(Data records)
────────────────────────────────────────

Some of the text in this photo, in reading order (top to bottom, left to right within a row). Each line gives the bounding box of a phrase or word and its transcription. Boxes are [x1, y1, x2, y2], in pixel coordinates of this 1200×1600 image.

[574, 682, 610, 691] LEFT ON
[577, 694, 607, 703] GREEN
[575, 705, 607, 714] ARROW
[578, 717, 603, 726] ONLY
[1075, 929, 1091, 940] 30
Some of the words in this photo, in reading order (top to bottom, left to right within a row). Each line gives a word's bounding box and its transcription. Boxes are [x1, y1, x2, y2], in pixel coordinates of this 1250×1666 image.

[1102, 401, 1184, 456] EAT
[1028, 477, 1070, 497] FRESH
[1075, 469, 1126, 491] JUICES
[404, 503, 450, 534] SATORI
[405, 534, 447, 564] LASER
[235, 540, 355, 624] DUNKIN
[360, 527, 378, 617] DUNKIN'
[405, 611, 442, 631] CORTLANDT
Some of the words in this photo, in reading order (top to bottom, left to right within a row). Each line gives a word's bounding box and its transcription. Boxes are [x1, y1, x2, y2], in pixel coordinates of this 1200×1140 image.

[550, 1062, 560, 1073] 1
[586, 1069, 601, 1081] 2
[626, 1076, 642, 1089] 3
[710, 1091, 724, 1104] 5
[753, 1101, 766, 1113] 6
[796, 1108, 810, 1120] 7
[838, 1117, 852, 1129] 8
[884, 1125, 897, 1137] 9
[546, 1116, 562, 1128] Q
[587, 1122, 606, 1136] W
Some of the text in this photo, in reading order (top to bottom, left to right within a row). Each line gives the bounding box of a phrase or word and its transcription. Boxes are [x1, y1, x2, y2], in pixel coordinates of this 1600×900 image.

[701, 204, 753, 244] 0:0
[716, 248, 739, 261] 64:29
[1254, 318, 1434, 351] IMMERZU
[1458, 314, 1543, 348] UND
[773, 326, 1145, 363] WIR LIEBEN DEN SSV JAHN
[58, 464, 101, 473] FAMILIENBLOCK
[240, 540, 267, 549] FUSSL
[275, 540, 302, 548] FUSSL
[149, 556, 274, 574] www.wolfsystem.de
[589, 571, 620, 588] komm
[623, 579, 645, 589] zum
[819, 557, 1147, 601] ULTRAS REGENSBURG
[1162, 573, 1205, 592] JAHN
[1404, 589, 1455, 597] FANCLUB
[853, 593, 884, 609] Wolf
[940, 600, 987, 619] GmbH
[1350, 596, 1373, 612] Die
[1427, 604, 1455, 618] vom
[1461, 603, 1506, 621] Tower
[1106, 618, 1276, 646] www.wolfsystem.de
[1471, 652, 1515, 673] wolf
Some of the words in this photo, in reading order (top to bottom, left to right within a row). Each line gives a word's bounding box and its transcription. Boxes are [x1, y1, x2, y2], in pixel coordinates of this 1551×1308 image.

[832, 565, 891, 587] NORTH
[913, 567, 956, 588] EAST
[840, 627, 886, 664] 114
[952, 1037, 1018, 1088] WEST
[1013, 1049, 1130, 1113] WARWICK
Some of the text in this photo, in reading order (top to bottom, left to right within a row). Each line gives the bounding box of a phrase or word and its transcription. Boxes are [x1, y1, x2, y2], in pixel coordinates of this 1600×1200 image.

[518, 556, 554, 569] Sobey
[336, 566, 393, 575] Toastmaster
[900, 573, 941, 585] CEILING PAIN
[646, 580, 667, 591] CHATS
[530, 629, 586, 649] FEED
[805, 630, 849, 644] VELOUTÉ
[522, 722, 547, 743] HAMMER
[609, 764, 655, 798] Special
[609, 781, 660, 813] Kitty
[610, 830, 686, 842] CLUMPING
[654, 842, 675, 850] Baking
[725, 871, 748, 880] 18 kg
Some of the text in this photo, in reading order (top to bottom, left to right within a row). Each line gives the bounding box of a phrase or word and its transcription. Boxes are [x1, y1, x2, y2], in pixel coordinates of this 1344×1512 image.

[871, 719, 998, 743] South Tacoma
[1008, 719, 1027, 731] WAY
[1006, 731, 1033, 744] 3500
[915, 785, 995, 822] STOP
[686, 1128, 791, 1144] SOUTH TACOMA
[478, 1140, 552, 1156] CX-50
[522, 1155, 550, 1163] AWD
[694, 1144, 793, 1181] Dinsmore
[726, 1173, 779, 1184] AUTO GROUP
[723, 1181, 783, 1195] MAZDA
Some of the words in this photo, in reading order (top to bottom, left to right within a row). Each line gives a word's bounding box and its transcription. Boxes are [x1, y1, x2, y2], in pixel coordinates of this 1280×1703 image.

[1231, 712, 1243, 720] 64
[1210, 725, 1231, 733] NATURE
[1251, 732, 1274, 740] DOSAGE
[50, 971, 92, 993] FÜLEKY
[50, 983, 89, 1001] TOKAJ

────────────────────────────────────────

## TASK DESCRIPTION
What you should produce is an exact copy of the records above.

## SOLUTION FOR THIS TASK
Some of the text in this photo, in reading order (top to bottom, left to right within a row). Each line gives the bounding box of a phrase or word and its transcription. Boxes are [x1, y1, x2, y2], in pixel coordinates of this 1200×1600 image.

[574, 682, 610, 691] LEFT ON
[577, 694, 607, 703] GREEN
[575, 705, 607, 714] ARROW
[578, 717, 603, 726] ONLY
[1075, 929, 1091, 940] 30
Some of the words in this photo, in reading order (top to bottom, left to right within a row). Each line gives a word's bounding box and its transcription. Boxes are [x1, y1, x2, y2], in pixel coordinates of this 1250×1666 image.

[1102, 401, 1184, 456] EAT
[1028, 477, 1070, 497] FRESH
[1075, 469, 1126, 491] JUICES
[404, 503, 450, 534] SATORI
[405, 534, 447, 564] LASER
[235, 540, 355, 624] DUNKIN
[360, 527, 378, 617] DUNKIN'
[405, 611, 442, 631] CORTLANDT
Some of the words in this photo, in reading order (top to bottom, left to right within a row). Each line gives a word's bounding box and its transcription. Boxes are [x1, y1, x2, y2], in pixel coordinates of this 1200×1140 image.

[550, 1062, 560, 1073] 1
[586, 1069, 601, 1081] 2
[626, 1076, 642, 1089] 3
[710, 1091, 724, 1104] 5
[753, 1101, 766, 1113] 6
[796, 1108, 810, 1120] 7
[838, 1117, 852, 1129] 8
[884, 1125, 897, 1137] 9
[546, 1116, 562, 1128] Q
[587, 1122, 606, 1136] W
Some of the text in this photo, in reading order (top to bottom, left to right within a row). Each line gives the bounding box of a phrase or word and its transcription. Boxes are [x1, y1, x2, y2], in pixel coordinates of this 1600×900 image.

[701, 204, 753, 244] 0:0
[716, 248, 739, 261] 64:29
[1254, 318, 1434, 351] IMMERZU
[1458, 314, 1543, 348] UND
[773, 326, 1145, 363] WIR LIEBEN DEN SSV JAHN
[58, 464, 101, 473] FAMILIENBLOCK
[240, 540, 267, 549] FUSSL
[275, 540, 302, 548] FUSSL
[149, 556, 274, 574] www.wolfsystem.de
[589, 571, 620, 588] komm
[623, 579, 645, 589] zum
[819, 557, 1147, 601] ULTRAS REGENSBURG
[1162, 573, 1205, 592] JAHN
[1404, 589, 1455, 597] FANCLUB
[853, 593, 884, 609] Wolf
[940, 600, 987, 619] GmbH
[1350, 596, 1373, 612] Die
[1427, 604, 1455, 618] vom
[1461, 603, 1506, 621] Tower
[1106, 618, 1276, 646] www.wolfsystem.de
[1471, 652, 1515, 673] wolf
Some of the words in this photo, in reading order (top to bottom, left to right within a row). Each line gives a word's bounding box and its transcription. Boxes are [x1, y1, x2, y2], in pixel coordinates of this 1551×1308 image.

[832, 565, 891, 587] NORTH
[913, 567, 956, 588] EAST
[840, 627, 886, 664] 114
[952, 1037, 1018, 1088] WEST
[1013, 1049, 1130, 1113] WARWICK
Some of the text in this photo, in reading order (top to bottom, left to right within a row). Each line gives the bounding box of a phrase or word and its transcription. Boxes are [x1, y1, x2, y2], in pixel coordinates of this 1600×1200 image.

[518, 556, 554, 569] Sobey
[336, 566, 393, 575] Toastmaster
[900, 573, 941, 585] CEILING PAIN
[646, 580, 667, 591] CHATS
[530, 629, 586, 649] FEED
[805, 630, 849, 644] VELOUTÉ
[522, 722, 547, 743] HAMMER
[609, 764, 655, 798] Special
[609, 781, 660, 813] Kitty
[610, 830, 686, 842] CLUMPING
[654, 842, 675, 850] Baking
[725, 871, 748, 880] 18 kg
Some of the text in this photo, in reading order (top to bottom, left to right within a row). Each line gives the bounding box of a phrase or word and its transcription. Boxes are [x1, y1, x2, y2], in pixel coordinates of this 1344×1512 image.

[871, 719, 998, 743] South Tacoma
[1008, 719, 1027, 731] WAY
[1006, 731, 1033, 744] 3500
[915, 785, 995, 822] STOP
[686, 1128, 791, 1144] SOUTH TACOMA
[478, 1140, 552, 1156] CX-50
[522, 1155, 550, 1163] AWD
[694, 1144, 793, 1181] Dinsmore
[726, 1173, 779, 1184] AUTO GROUP
[723, 1181, 783, 1195] MAZDA
Some of the words in this photo, in reading order (top to bottom, left to right within a row). Each line gives a word's bounding box and its transcription. Boxes are [x1, y1, x2, y2], in pixel coordinates of this 1280×1703 image.

[1231, 712, 1243, 720] 64
[1210, 725, 1231, 733] NATURE
[1251, 732, 1274, 740] DOSAGE
[50, 971, 92, 993] FÜLEKY
[50, 983, 89, 1001] TOKAJ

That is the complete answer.